Thursday, October 02, 2008

Somalia and the war on terror

Guest post by Dave S:

The invasion and occupation of Somalia by Ethiopian troops on a mission for the US - the worst humanitarian crisis in Africa, says the UN - has been pretty well kept uder wraps by the media. The US' new push for more control over Africa, of which this is the most violent part, is covered by the BBC only through credulous recycling of AFRICOM press releases. Slowly but surely, though, Somalia has been creeping up the running order in the news - not because of the horrendous crime that the military might of the US has wreaked upon the Somalian people, but because of what a few Somalian gangsters with grenade launchers have been getting up to off the coast. That's right: pirates!

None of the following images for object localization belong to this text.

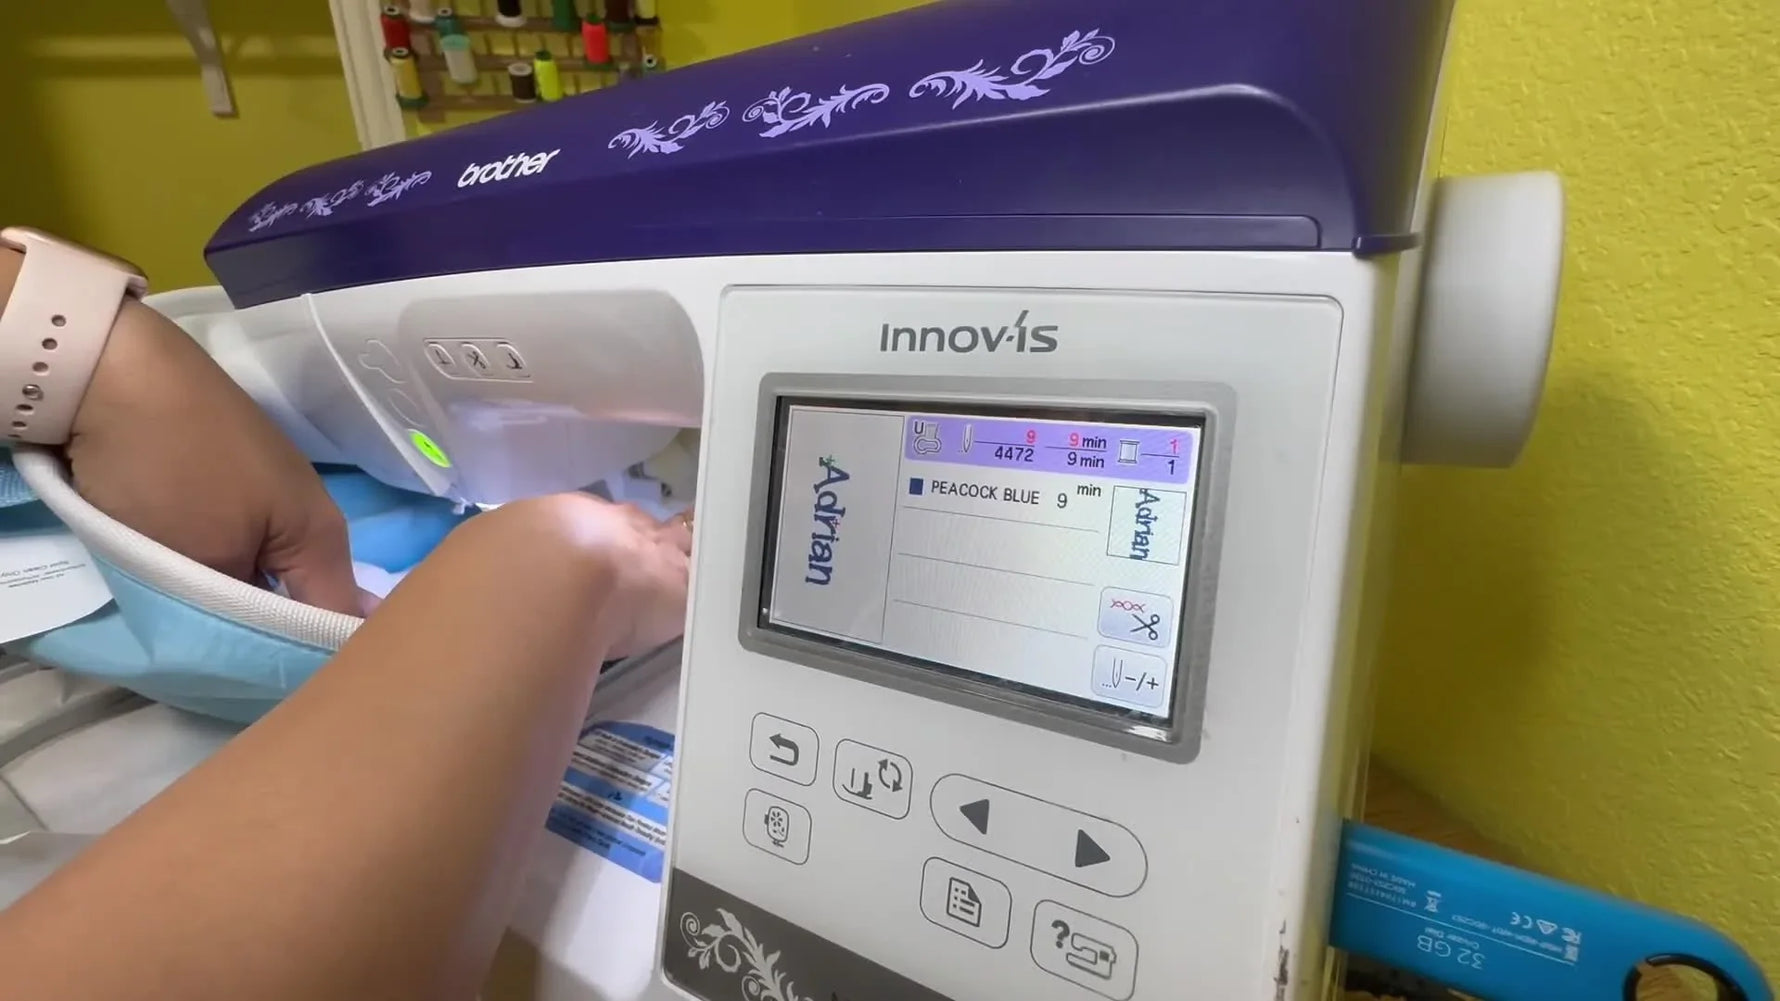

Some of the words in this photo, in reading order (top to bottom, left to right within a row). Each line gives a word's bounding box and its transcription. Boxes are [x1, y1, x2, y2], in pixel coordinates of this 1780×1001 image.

[457, 149, 561, 188] brother
[914, 422, 924, 435] U
[1026, 430, 1036, 444] 9
[1069, 432, 1079, 447] 9
[1082, 434, 1107, 449] min
[1169, 438, 1178, 454] 1
[994, 446, 1034, 463] 4472
[1067, 451, 1078, 466] 9
[1080, 454, 1105, 468] min
[1167, 459, 1175, 475] 1
[931, 479, 998, 501] PEACOCK
[1003, 489, 1040, 505] BLUE
[1057, 493, 1068, 508] 9
[1077, 483, 1101, 497] min
[805, 457, 850, 585] Adrian
[1129, 488, 1161, 561] Adrian
[1417, 935, 1451, 957] GB
[1456, 947, 1486, 970] 32
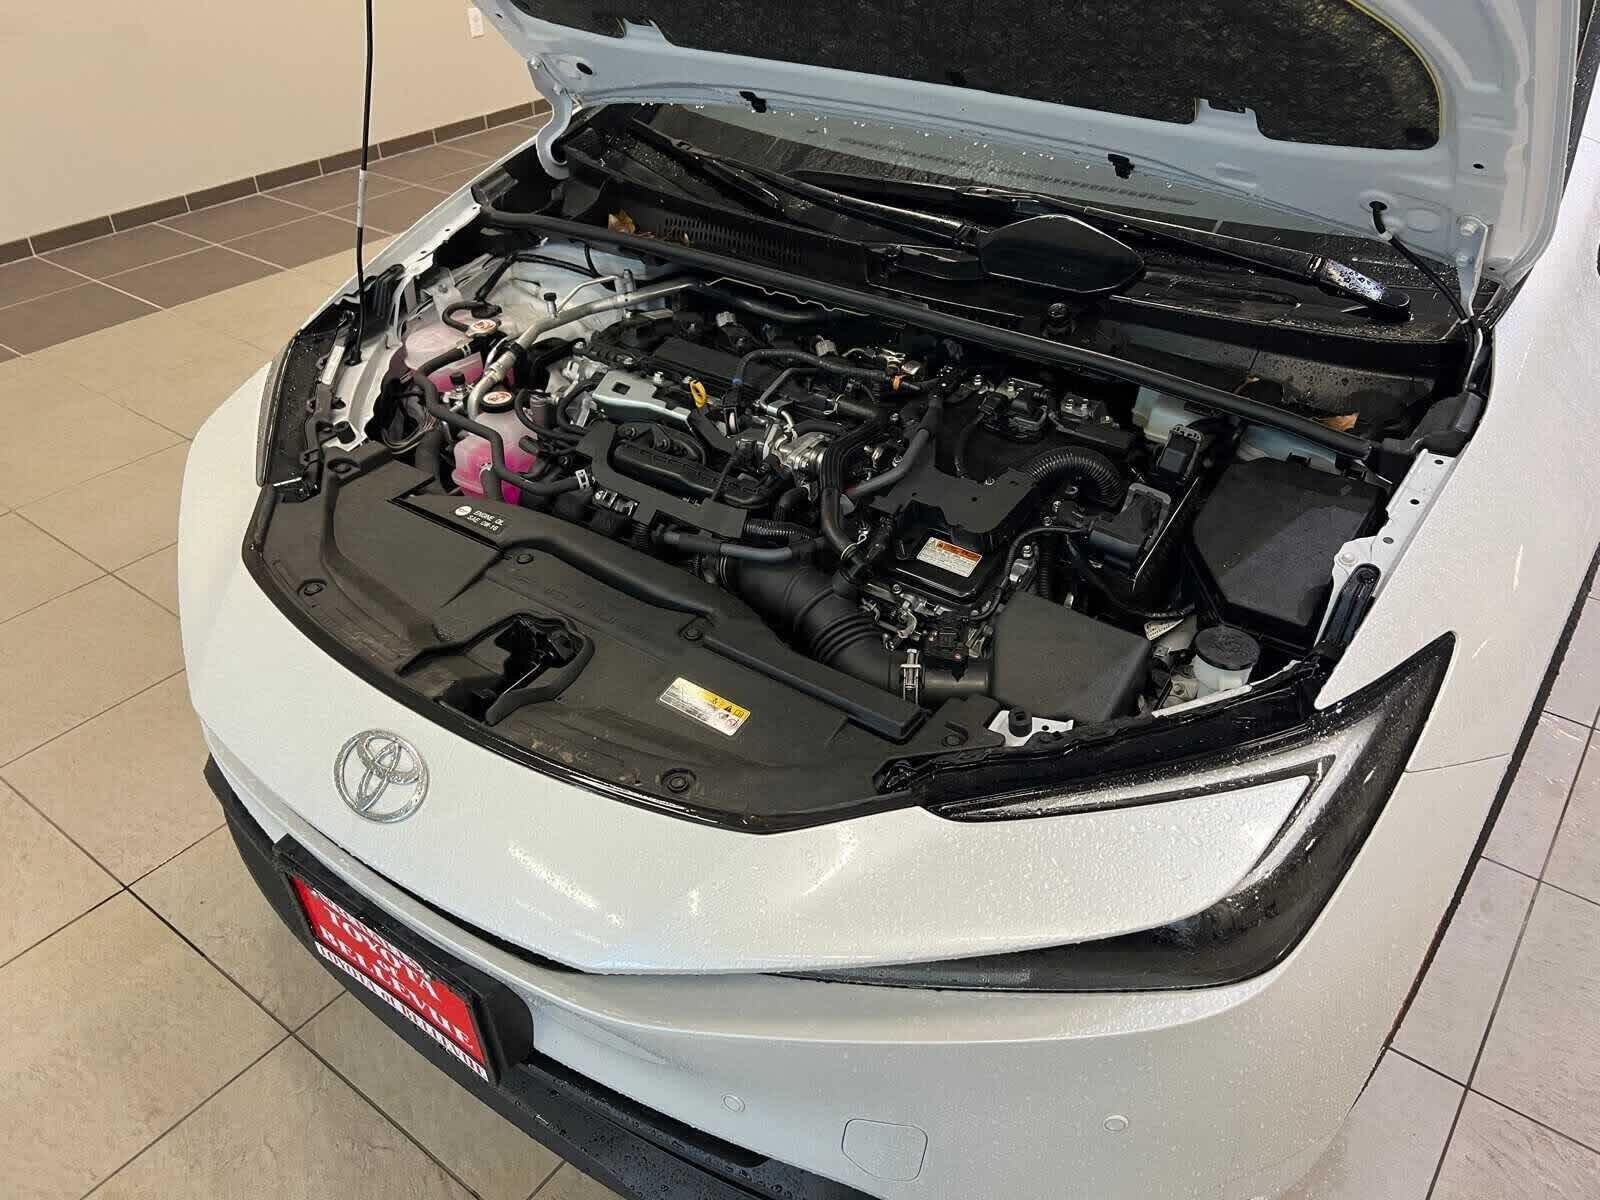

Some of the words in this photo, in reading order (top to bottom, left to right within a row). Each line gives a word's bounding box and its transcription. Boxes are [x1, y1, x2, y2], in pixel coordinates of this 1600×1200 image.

"Somali piracy is an issue that cannot be ignored," frets one of the Independents' Africa experts. Indeed it cannot because, unlike the much greater and much more ignorable violence on the mainland, the fighting in the waters poses a real threat to "the integrity of international trade". I mean have you seen Somalia on the map? You couldn't ask for a better trade route from Europe to the East than the Red Sea; from the Romans to the tripartite aggressors, no serious empire has neglected to keep it under control. Small wonder the US was so quick to crush the Union of Islamic Courts that was emerging from the chaos of post-Black Hawk Down Somalia; failure to dominate the Horn of Africa is not an option.

Except that, so far at least, they have failed, completey and utterly. Just as the ground war is all but lost in Afghanistan and the colonisation of Iraq looks set to be abandoned by all but John McCain, so has the war on Somalia spiralled out of control. Military victories for the resistance are one side of this, the spread of piracy is the other.

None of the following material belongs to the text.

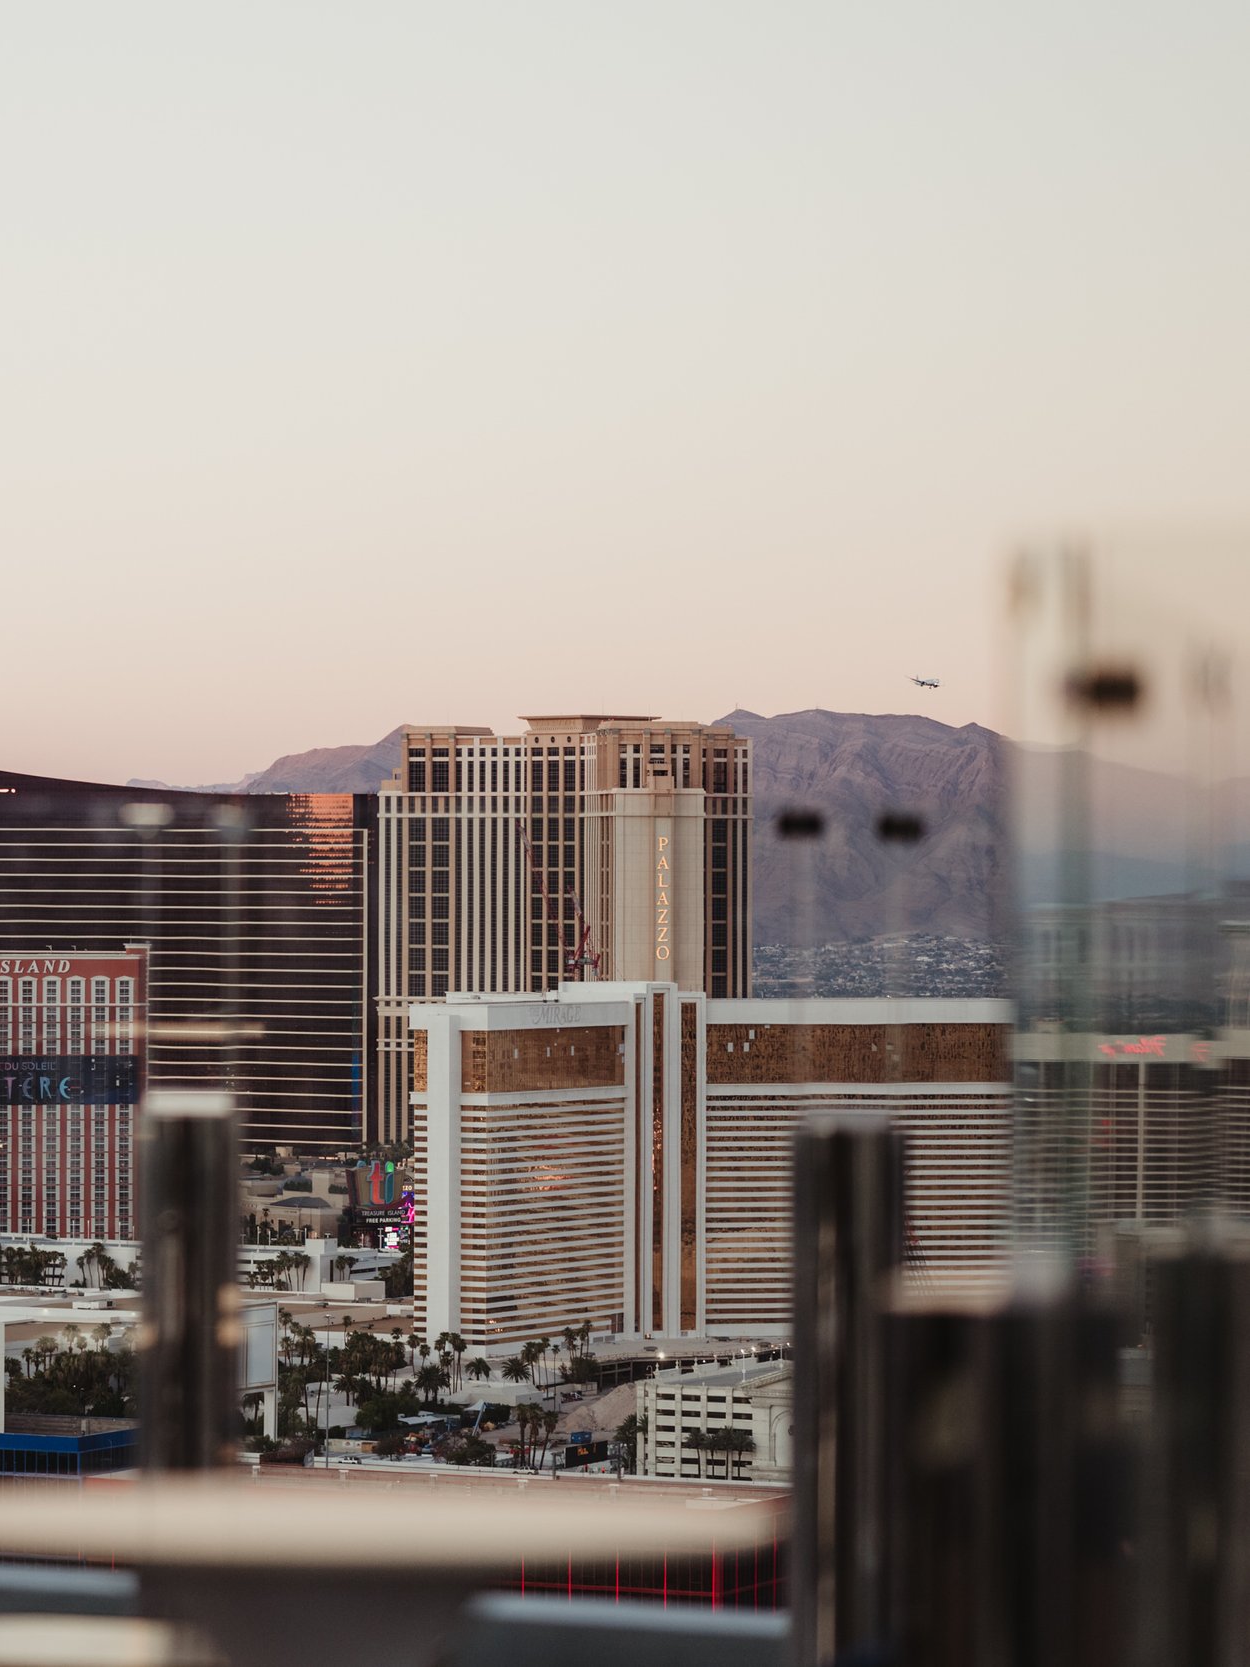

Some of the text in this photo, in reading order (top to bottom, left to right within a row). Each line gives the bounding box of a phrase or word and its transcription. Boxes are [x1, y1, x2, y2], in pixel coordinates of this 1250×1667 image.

The "cost" of piracy quoted in most press reports is about $30million, a number that already sounded small two weeks ago and should barely register by now. But this is just an estimate from the thinktank Chatham House of the total amount of ransom money paid - it excludes the money spent on extra security for the trip or on long detours round the other side of Africa, not to mention the "opportunity cost" from operations that just haven't been cancelled. The response from the global ruling class certainly suggests that more than just the pre-crunch pricetag of an oligarchal mansion is at stake here.

A Russian warship has joined the American pursuit of one particularly prize catch, a shipment of Ukranian tanks bound for Kenya or rather, illegally, for Sudan (the official who revealed this "alarming" news was promptly arrested, but it has now been confirmed by the US authorities). And the European Union has decided that the eyepatch-wearing, parrot-loving scourge of the Somalian seas have become such a headache that Something Has To Be Done. The most obvious of those potential somethings - stop bombing Somalia - is, obviously, not even up for discussion. Instead they're going to establish an anti-piracy security operation off the coast of Somalia.

We've been saying all along that the War On Terror was going to spread; now they're even having to occupy the sea.